At the board meeting, Pacific Gas and Electric Director of ISO Relations Eric Eisenman said “these continuing RMR designations show that the market is changing,” pointing to new solar and other resources. He added that “the RA process, especially the local process, needs improvement.”
The RMR contract for Metcalf will put tens of millions of dollars of costs onto ratepayers, he said, asking the board to work with regulators “to improve the local RA paradigm sooner, not later.” He expects more RMR designations for 2019, which will almost certainly raise customer costs.
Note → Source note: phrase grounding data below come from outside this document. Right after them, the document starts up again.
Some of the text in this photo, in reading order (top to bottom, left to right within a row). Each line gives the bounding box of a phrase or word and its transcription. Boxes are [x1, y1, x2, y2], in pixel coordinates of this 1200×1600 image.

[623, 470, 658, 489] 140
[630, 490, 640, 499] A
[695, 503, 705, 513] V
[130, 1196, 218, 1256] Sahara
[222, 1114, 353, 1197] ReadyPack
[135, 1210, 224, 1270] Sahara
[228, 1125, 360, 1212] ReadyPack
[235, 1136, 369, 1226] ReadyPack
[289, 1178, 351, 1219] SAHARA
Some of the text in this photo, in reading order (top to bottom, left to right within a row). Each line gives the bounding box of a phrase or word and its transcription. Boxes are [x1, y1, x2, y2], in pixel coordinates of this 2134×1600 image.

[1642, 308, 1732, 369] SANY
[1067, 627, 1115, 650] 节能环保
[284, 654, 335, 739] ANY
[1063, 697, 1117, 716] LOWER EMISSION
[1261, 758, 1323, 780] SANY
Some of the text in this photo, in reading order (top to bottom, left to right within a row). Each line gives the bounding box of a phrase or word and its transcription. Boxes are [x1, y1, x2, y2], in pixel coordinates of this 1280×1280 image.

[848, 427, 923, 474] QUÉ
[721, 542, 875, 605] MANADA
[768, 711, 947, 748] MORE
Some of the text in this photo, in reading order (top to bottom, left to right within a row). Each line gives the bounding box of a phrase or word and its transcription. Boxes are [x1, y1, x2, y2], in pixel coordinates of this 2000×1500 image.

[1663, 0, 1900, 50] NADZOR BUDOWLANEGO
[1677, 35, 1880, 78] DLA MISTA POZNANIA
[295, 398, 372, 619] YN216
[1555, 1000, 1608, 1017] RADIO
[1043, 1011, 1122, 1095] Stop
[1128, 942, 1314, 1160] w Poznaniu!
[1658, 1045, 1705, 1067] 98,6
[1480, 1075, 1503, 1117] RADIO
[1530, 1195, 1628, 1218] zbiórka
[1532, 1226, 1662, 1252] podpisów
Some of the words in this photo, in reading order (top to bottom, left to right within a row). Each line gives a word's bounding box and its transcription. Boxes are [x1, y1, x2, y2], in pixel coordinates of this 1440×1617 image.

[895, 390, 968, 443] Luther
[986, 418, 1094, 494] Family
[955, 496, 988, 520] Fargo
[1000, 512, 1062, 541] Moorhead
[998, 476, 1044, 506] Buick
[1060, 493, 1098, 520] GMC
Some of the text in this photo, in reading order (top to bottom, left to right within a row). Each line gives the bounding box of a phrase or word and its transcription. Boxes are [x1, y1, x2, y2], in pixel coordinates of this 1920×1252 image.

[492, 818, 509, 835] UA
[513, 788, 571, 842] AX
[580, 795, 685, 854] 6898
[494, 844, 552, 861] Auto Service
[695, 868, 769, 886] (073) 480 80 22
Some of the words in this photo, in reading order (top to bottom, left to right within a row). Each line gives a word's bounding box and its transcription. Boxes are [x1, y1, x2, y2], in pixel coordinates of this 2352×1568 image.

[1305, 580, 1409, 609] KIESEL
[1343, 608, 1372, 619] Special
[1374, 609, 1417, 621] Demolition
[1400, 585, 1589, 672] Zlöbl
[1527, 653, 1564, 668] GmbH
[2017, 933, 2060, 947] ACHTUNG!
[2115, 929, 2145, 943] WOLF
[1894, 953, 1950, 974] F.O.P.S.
Noting that CAISO informed stakeholders of the possible RMR designation for Metcalf in early September ahead of the Nov. 1 vote, he said: “We are feeling kind of jammed when it’s tens of millions of dollars.”
Local RA Adjustments Planned
Part of the problem is the way the RA for load-serving entities is measured, CAISO Vice President of Market and Infrastructure Development Keith Casey said at the meeting. RA is currently measured across a broad area, but individual capacity areas within that territory might have inadequate resources.
“We cannot operate being short in a specific area, and I think Metcalf is probably indicative of that deficiency in design,” Casey said. The ISO is working with the California Public Utilities Commission on the problem, and “I am optimistic we will have a proceeding soon to take on some of the deficiencies around the local RA design.” In a Sept. 12 memorandum to the board, Casey said “reliability-must-run contracts remain an important backstop instrument to ensure reliability when other alternatives are not viable.”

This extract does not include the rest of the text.